Dataset entries
#####
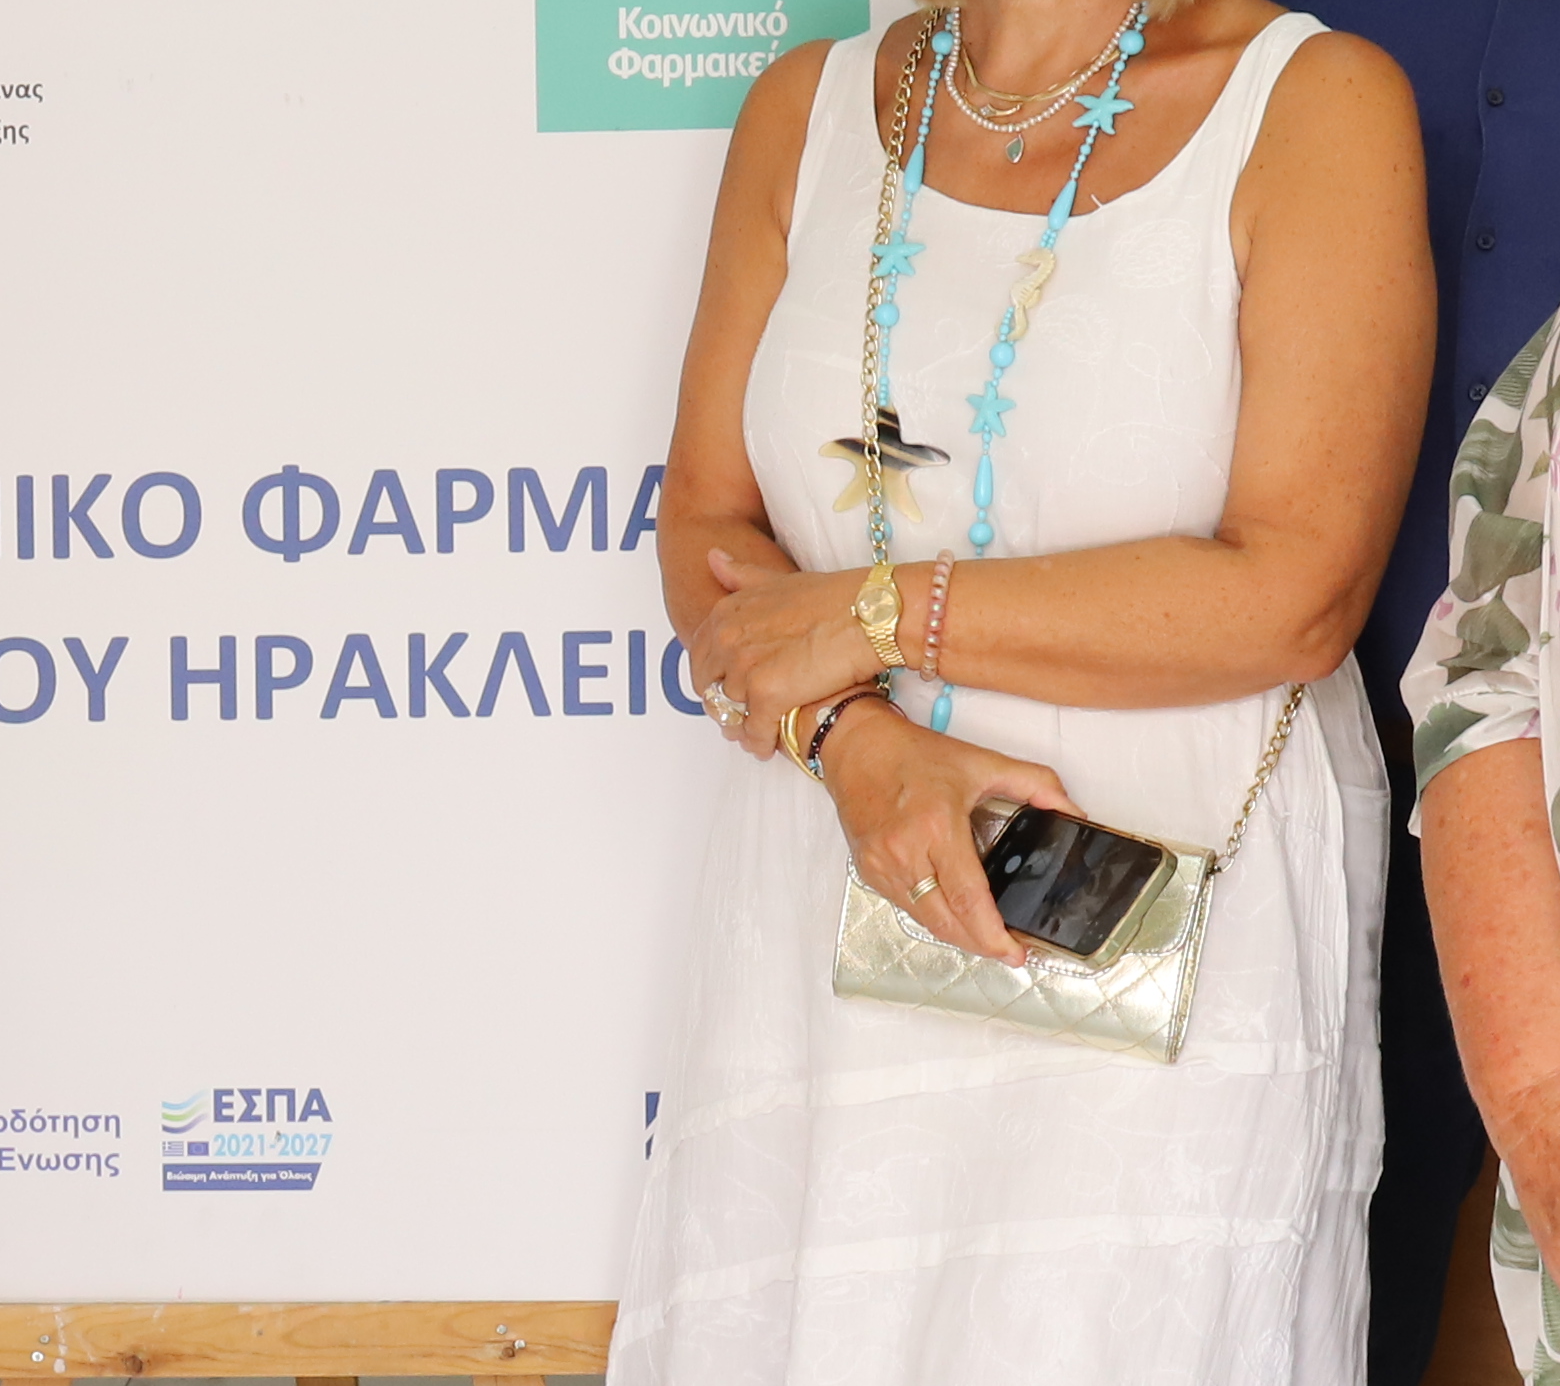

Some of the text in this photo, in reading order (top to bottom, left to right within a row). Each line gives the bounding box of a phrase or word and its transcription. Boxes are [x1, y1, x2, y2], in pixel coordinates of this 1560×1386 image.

[618, 0, 789, 40] Κοινωνικό
[608, 40, 784, 88] Φαρμακεί
[213, 1088, 333, 1123] ΕΣΠΑ
[213, 1133, 333, 1157] 2021-2027
[166, 1169, 313, 1183] Βιώσιμη Ανάπτυξη για Όλους
#####
• [What you will do]
Reproduce all of the entries word for word, skipping any pictures they hold.

• [Response below]
Some of the text in this photo, in reading order (top to bottom, left to right within a row). Each line gives the bounding box of a phrase or word and its transcription. Boxes are [x1, y1, x2, y2], in pixel coordinates of this 1560×1386 image.

[618, 0, 789, 40] Κοινωνικό
[608, 40, 784, 88] Φαρμακεί
[213, 1088, 333, 1123] ΕΣΠΑ
[213, 1133, 333, 1157] 2021-2027
[166, 1169, 313, 1183] Βιώσιμη Ανάπτυξη για Όλους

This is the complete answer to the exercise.